La brecha entre la teoría y la realidad es amplia. El error central de los primeros enfoques fue priorizar la tecnología sobre las necesidades reales de los inversores, creando productos sin una infraestructura legal, operativa y regulatoria sólida. Esto ha llevado a una falta de claridad en la propiedad de los activos, normas de distribución de ingresos y liquidez real, manteniendo a los inversores institucionales en un modo de espera.
La industria carece de elementos fundamentales: marcos de propiedad legalmente válidos, mecanismos de transferencia regulados, servicios profesionales de gestión y distribución, e interoperabilidad con los sistemas financieros existentes. Sin esta base, los tokens no pueden convertirse en productos financieros confiables. Para los inversores institucionales, la ambigüedad regulatoria y la complejidad añadida son los principales obstáculos, ya que ya cuentan con herramientas de inversión tradicionales bien establecidas.
Un modelo maduro debería permitir un acceso regulado a activos inmobiliarios institucionales con bajos montos mínimos, distribución transparente de ingresos por alquiler y liquidez real a través de mercados secundarios regulados. Aunque aún es escaso, el entorno está cambiando: reguladores como los de los Emiratos Árabes Unidos están implementando normas más claras, y algunas plataformas están lanzando productos bajo estos marcos. Además, el tokenización de otros activos reales, como bonos del tesoro, está ganando tracción institucional.

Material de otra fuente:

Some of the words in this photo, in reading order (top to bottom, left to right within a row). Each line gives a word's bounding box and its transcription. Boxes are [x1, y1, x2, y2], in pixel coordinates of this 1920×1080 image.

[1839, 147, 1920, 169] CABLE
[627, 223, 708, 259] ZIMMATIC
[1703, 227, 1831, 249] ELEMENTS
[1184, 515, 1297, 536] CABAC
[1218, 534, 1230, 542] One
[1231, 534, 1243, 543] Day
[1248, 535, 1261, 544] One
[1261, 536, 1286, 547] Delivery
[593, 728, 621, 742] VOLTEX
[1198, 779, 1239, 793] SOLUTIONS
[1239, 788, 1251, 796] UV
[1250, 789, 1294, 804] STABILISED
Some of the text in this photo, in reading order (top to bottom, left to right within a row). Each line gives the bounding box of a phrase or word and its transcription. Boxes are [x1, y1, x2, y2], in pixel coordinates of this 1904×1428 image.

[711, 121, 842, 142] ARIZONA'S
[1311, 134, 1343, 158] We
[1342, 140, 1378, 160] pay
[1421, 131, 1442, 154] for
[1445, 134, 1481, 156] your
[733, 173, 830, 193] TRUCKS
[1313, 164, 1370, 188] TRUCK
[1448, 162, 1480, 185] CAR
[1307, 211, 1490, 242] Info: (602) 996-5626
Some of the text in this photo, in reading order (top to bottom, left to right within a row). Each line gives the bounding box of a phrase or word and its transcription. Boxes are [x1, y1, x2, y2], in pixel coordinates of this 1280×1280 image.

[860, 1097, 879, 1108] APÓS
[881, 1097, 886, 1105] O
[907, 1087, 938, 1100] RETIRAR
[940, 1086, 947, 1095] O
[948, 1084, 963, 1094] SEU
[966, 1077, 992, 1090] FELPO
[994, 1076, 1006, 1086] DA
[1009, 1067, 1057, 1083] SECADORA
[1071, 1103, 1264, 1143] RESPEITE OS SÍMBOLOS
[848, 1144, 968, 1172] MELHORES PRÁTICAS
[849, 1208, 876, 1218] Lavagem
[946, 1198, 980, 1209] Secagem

El valor de la tokenización inmobiliaria no radica en crear nuevas fuentes de ingresos, sino en optimizar el acceso, la eficiencia y la liquidez de los activos existentes. Para atraer capital a gran escala, debe demostrar una ventaja económica tangible más allá de la innovación tecnológica. La próxima fase no se centrará en emitir más tokens, sino en demostrar operaciones escalables, reguladas y con historiales auditables. El éxito dependerá de la evolución de la infraestructura y el marco regulatorio, ya que la tecnología ya no es la barrera principal. Si estos cimientos se construyen adecuadamente, la tokenización podría acercarse finalmente a su promesa inicial.